Please reproduce the entire listing, character for character.

■ EXERCISE MATERIALS ■
..............................

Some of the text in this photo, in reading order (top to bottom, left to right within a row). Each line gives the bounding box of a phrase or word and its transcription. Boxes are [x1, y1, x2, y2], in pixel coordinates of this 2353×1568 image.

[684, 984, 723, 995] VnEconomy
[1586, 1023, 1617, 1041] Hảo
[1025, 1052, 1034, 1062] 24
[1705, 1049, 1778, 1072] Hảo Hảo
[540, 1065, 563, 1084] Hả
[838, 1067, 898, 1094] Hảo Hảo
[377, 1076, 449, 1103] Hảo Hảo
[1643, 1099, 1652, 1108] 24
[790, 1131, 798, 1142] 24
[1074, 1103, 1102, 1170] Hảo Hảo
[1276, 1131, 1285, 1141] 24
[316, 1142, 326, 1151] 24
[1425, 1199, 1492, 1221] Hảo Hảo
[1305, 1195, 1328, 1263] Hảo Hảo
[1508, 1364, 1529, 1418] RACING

..............................

■ EXPECTED ANSWER ■
Some of the text in this photo, in reading order (top to bottom, left to right within a row). Each line gives the bounding box of a phrase or word and its transcription. Boxes are [x1, y1, x2, y2], in pixel coordinates of this 2353×1568 image.

[684, 984, 723, 995] VnEconomy
[1586, 1023, 1617, 1041] Hảo
[1025, 1052, 1034, 1062] 24
[1705, 1049, 1778, 1072] Hảo Hảo
[540, 1065, 563, 1084] Hả
[838, 1067, 898, 1094] Hảo Hảo
[377, 1076, 449, 1103] Hảo Hảo
[1643, 1099, 1652, 1108] 24
[790, 1131, 798, 1142] 24
[1074, 1103, 1102, 1170] Hảo Hảo
[1276, 1131, 1285, 1141] 24
[316, 1142, 326, 1151] 24
[1425, 1199, 1492, 1221] Hảo Hảo
[1305, 1195, 1328, 1263] Hảo Hảo
[1508, 1364, 1529, 1418] RACING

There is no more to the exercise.